So if they can do better just on COST then this it would be wonderful.




At least V1 of Starlink, there needs to be a ground station visible to the satellite, so it's not going to work in the middle of the ocean.

It might work a few hundred miles offshore, but not further than that. So it'll be a while before you can have video calls from the middle of an Atlantic crossing.


> At least V1 of Starlink, there needs to be a ground station visible to the satellite

At an altitude of 340 miles a starlink satellite has line of site up to 1800 miles so conceivably a ship at sea could be 3600 miles from the nearest land station and still be able to bounce off Starlink. Of course that's ideal conditions, but it wouldn't take too many ground stations to ensure 99% of oceangoing traffic is covered.

Of course even with line of site, the antenna may not be oriented in such a way as to cover more than a couple hundred miles of surface even if there is line of site.
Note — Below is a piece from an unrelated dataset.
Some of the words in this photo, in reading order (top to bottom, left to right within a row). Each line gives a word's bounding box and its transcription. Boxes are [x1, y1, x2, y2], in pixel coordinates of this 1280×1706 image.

Even though the theoretical line of sight is 1800 miles, I expect that you'll get much less range. The satellites move very quickly— the satellite that's halfway between you and the ground station is very quickly going to be more than 1800 miles away from one of you. Transmitting signals at such oblique angles is also a lot harder. Part of it is just typical signal strength los due to r^2 law. But if you're transmitting thru that much atmosphere, you're going to experience a lot more interference from things like rain fade.
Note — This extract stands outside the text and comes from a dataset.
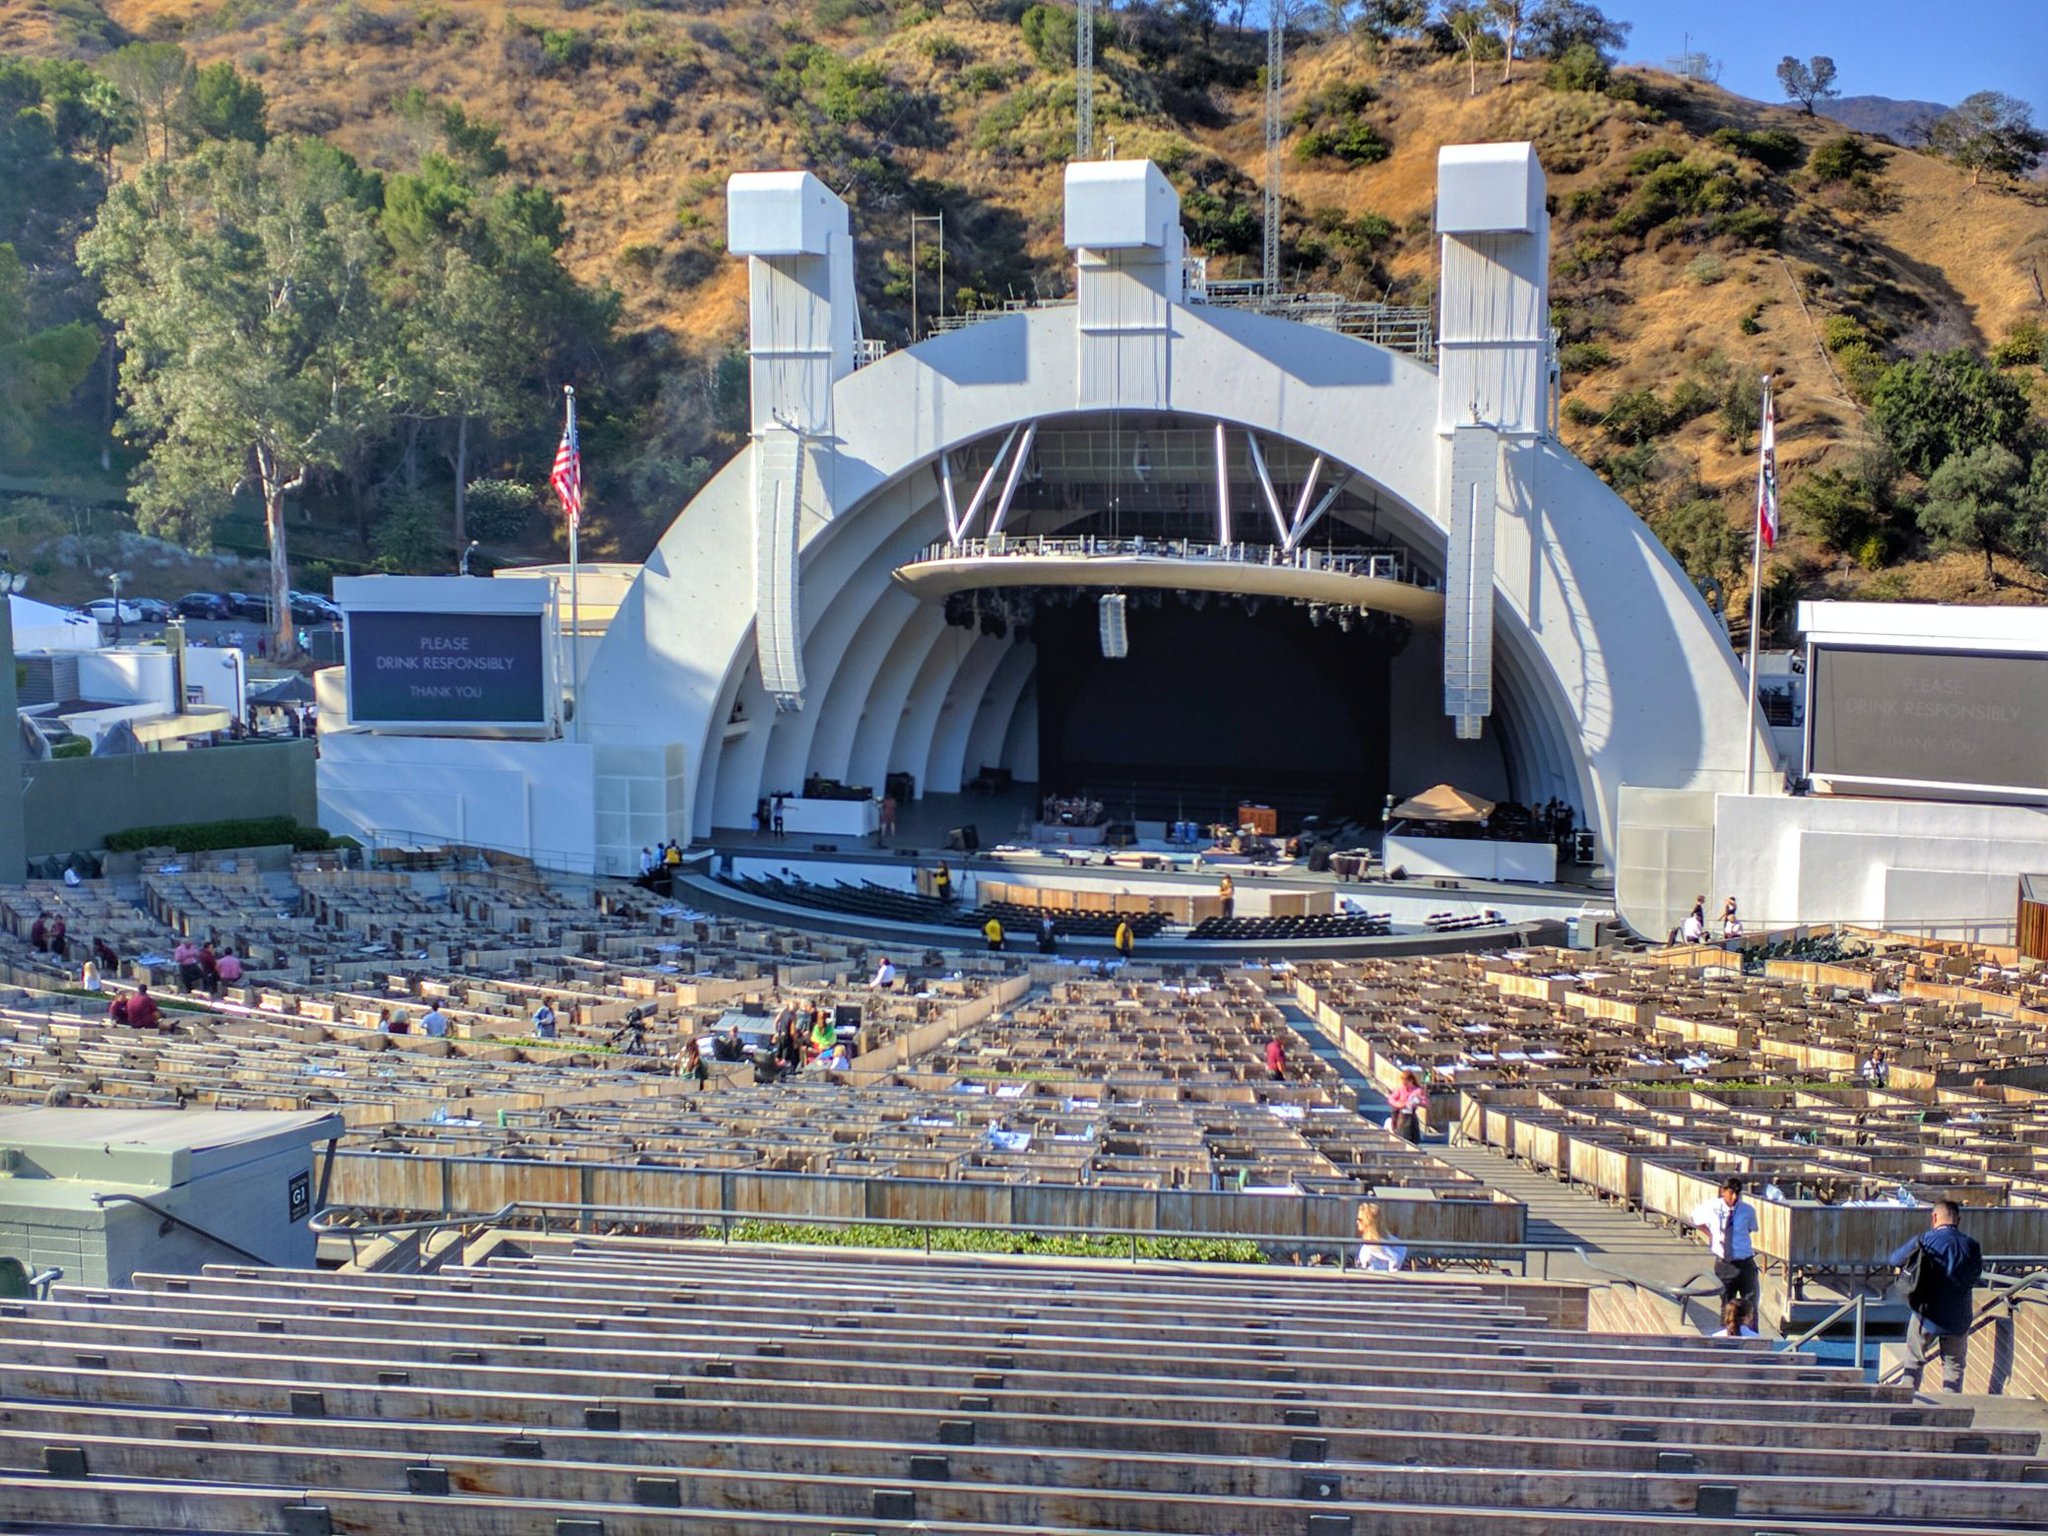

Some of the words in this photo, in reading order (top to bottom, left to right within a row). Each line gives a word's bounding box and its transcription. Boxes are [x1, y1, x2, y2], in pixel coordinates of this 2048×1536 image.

I think your math is off. What elevation are you using?


340 miles.

If it's not able to cover more than a couple hundred miles, I don't think it's a line of site issue.


Not the altitude, but the elevation. What is the angle from the user terminal?
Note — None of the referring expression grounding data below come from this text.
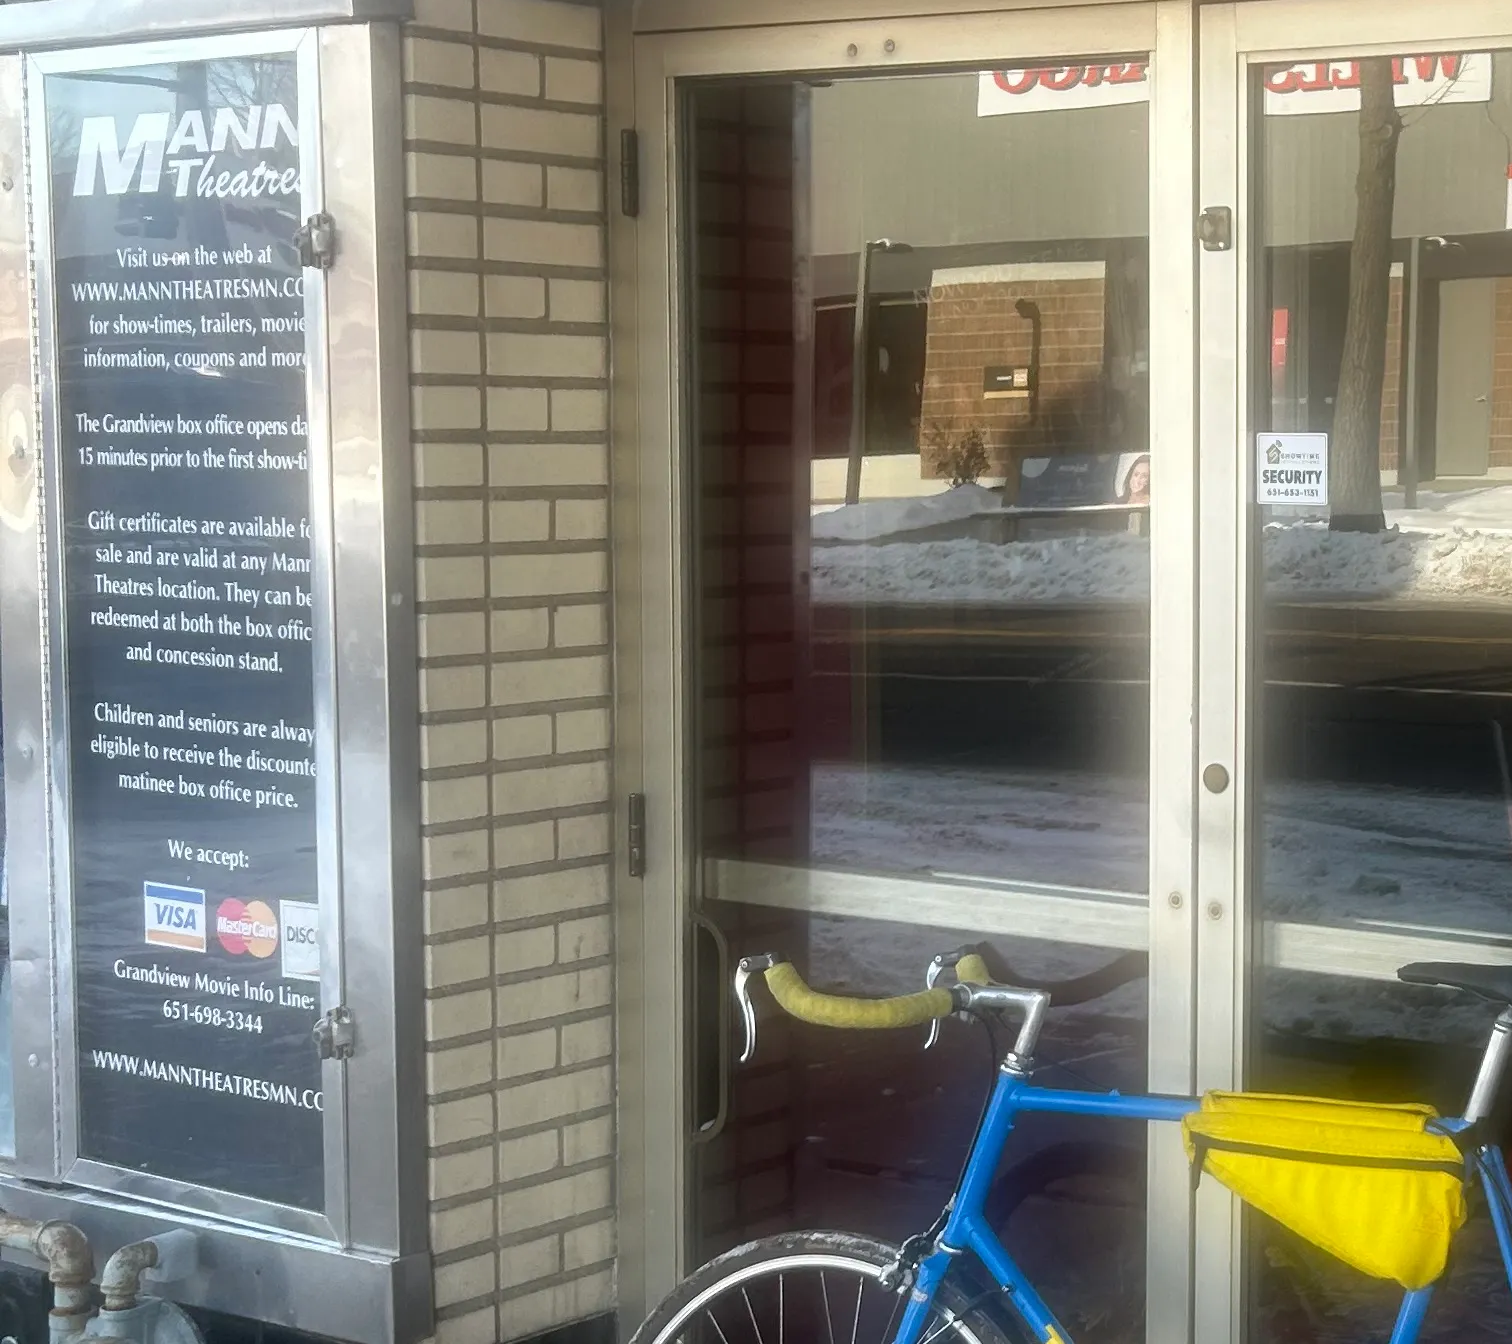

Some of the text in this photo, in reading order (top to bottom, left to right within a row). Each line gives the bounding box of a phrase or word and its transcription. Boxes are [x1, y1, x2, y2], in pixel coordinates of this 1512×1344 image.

[73, 104, 299, 197] MANN
[117, 244, 272, 268] Visit us on the web at
[89, 313, 108, 335] for
[113, 314, 195, 337] show-times,
[200, 314, 257, 336] trailers,
[84, 346, 267, 370] information, coupons and
[76, 413, 288, 439] The Grandview box office opens
[79, 446, 254, 472] 15 minutes prior to the first
[1263, 470, 1322, 484] SECURITY
[88, 510, 295, 538] Gift certificates are available
[96, 543, 122, 564] sale
[126, 544, 153, 565] and
[156, 550, 179, 567] are
[183, 546, 218, 568] valid
[223, 551, 237, 569] at
[241, 555, 267, 575] any
[94, 574, 154, 597] Theatres
[158, 578, 221, 601] location.
[224, 581, 260, 607] They
[265, 589, 293, 605] can
[91, 607, 159, 630] redeemed
[162, 615, 177, 631] at
[180, 612, 214, 634] both
[218, 615, 242, 635] the
[245, 619, 273, 638] box
[126, 640, 283, 672] and concession stand.
[94, 702, 154, 728] Children
[157, 707, 184, 730] and
[188, 711, 239, 736] seniors
[243, 720, 267, 738] are
[91, 735, 140, 759] eligible
[144, 743, 159, 759] to
[163, 744, 214, 766] receive
[218, 747, 242, 768] the
[118, 771, 298, 808] matinee box office price.
[168, 839, 249, 870] We accept:
[154, 902, 197, 931] VISA
[217, 916, 277, 940] MasterCard
[113, 959, 314, 1010] Grandview Movie Info Line:
[163, 999, 262, 1033] 651-698-3344
Ah, the other definition of elevation. I'm not really sure.


It just has to be above the horizon, because this is the middle of the ocean.

When I put 550km into a horizon calculator I get a distance of 2700km.

Edit: Okay, I want an explanation for the downvotes. If you're upset that I didn't say "the user terminal is horizontal at max range", I thought it was clear from context.


I didn't downvote you, but the size of the beam is heavily dictated by the elevation they're willing to work with, and the wider the elevation, the more expensive the antenna. So give that they need to decrease the size of the beam to keep antenna cost down, it's highly likely that the beam size is much, much smaller than what you cited there. Just take a look to see how many handoffs there are over CONUS alone: https://www.youtube.com/watch?v=m05abdGSOxY


We're talking about the user terminal, right? A ship can easily have a more expensive antenna array. Maybe even with a motor, or with three tilted in different directions.

> Just take a look to see how many handoffs there are over CONUS alone

That's just a simulation picking angles he thought looked good, in an area where there are plenty of options. It doesn't tell you anything about the limits of beam size, especially when there is no other sat in range.


Sure, ships can have more expensive antennas. But you need a lot of those ships out there and the antennas are extremely expensive. I'm not sure what you are arguing about the simulation. Are you saying it's inaccurate and there's a better one?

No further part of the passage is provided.